Your task: Please reproduce the data exactly, excluding any pictures it contains.

Data excerpts:
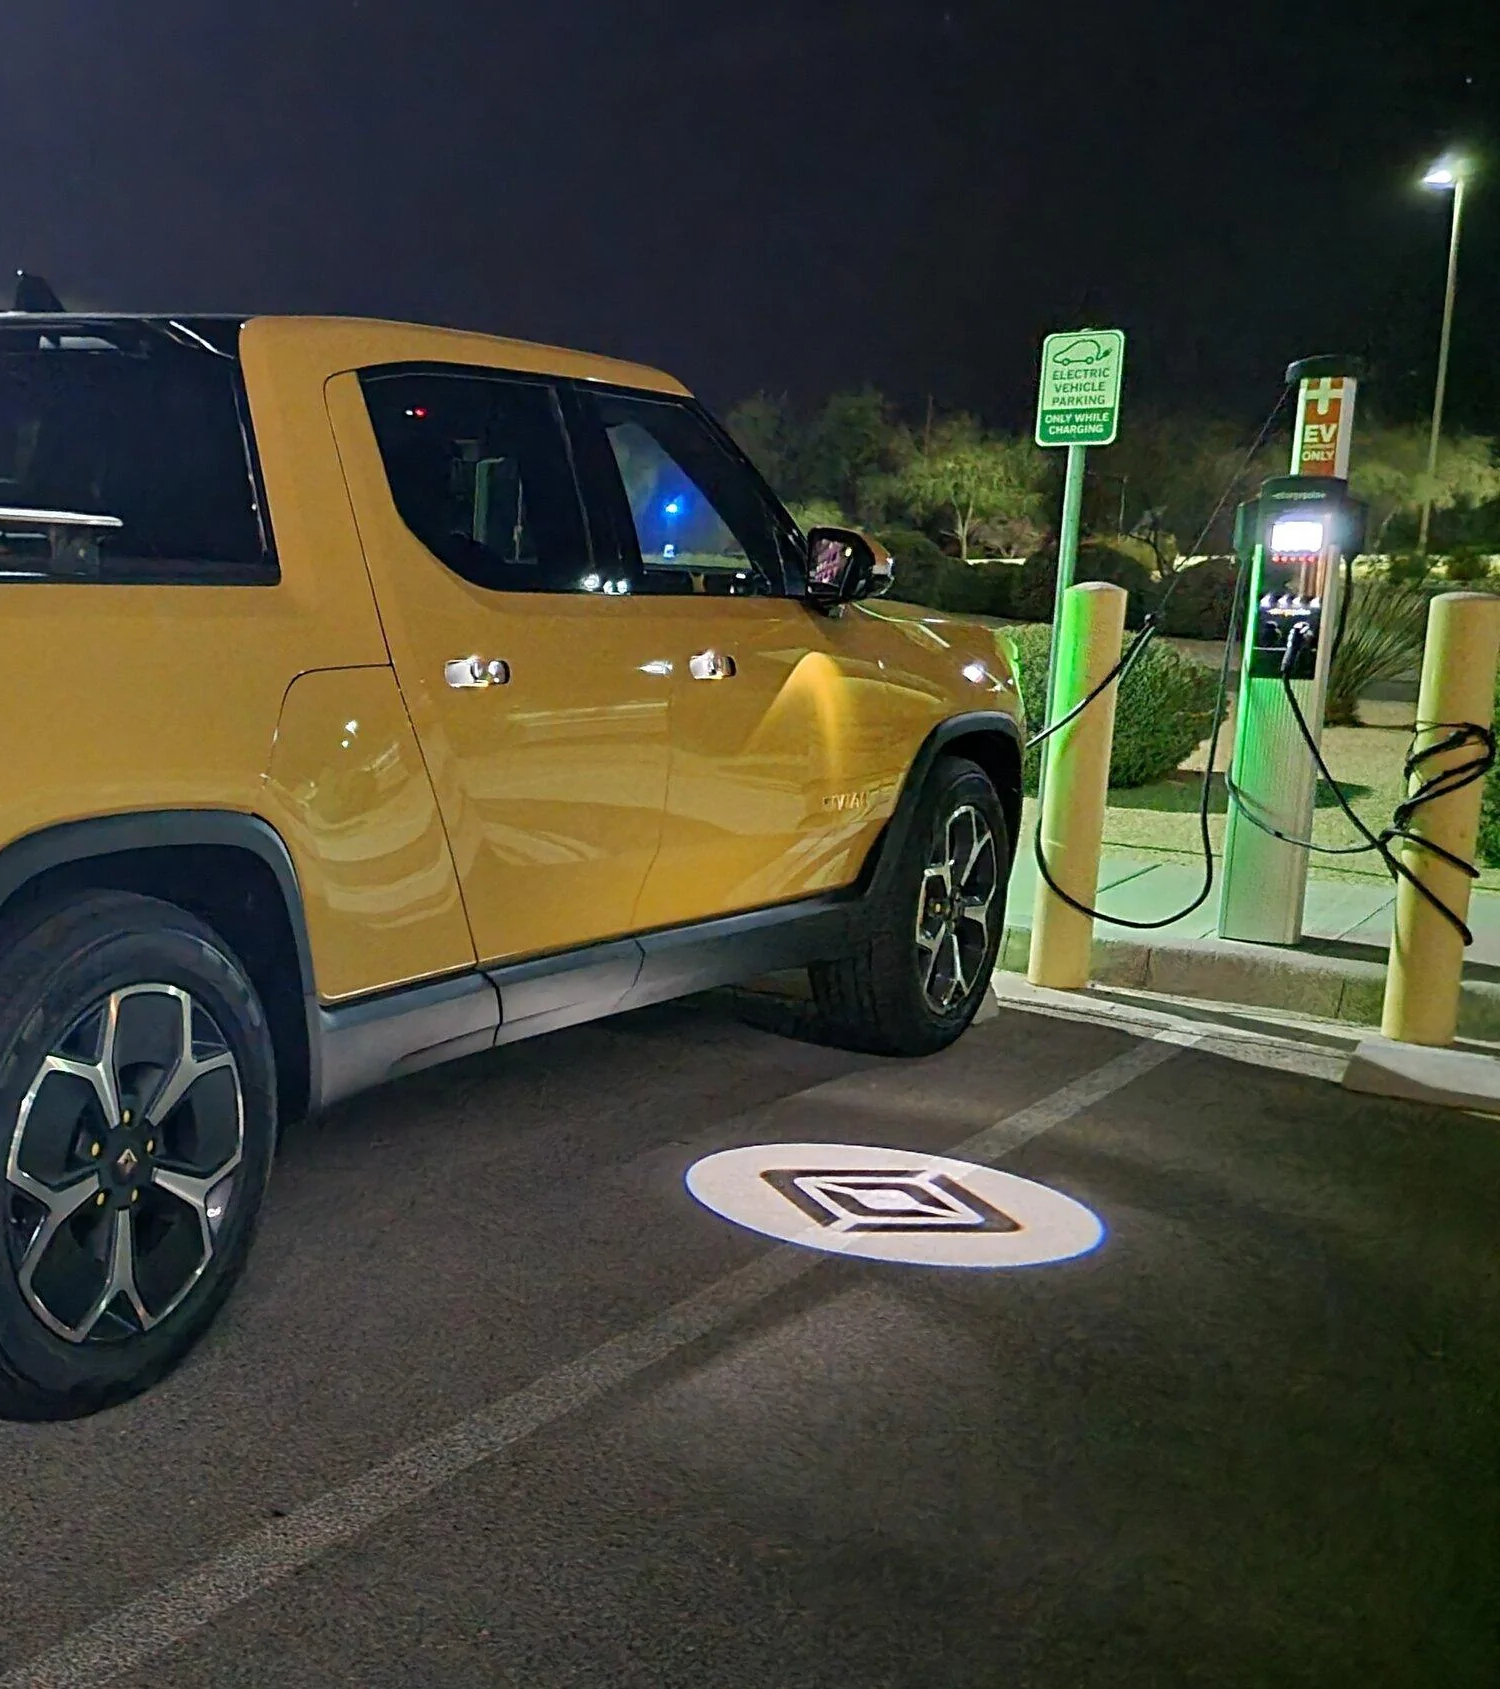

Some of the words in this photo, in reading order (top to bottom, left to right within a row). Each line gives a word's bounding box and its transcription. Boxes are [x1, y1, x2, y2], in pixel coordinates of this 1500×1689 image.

[1052, 368, 1110, 380] ELECTRIC
[1054, 381, 1106, 394] VEHICLE
[1051, 394, 1106, 406] PARKING
[1044, 413, 1073, 424] ONLY
[1074, 412, 1110, 423] WHILE
[1049, 424, 1104, 435] CHARGING
[1303, 423, 1338, 443] EV
[1301, 450, 1335, 462] ONLY

Response to this task:
Some of the words in this photo, in reading order (top to bottom, left to right within a row). Each line gives a word's bounding box and its transcription. Boxes are [x1, y1, x2, y2], in pixel coordinates of this 1500×1689 image.

[1052, 368, 1110, 380] ELECTRIC
[1054, 381, 1106, 394] VEHICLE
[1051, 394, 1106, 406] PARKING
[1044, 413, 1073, 424] ONLY
[1074, 412, 1110, 423] WHILE
[1049, 424, 1104, 435] CHARGING
[1303, 423, 1338, 443] EV
[1301, 450, 1335, 462] ONLY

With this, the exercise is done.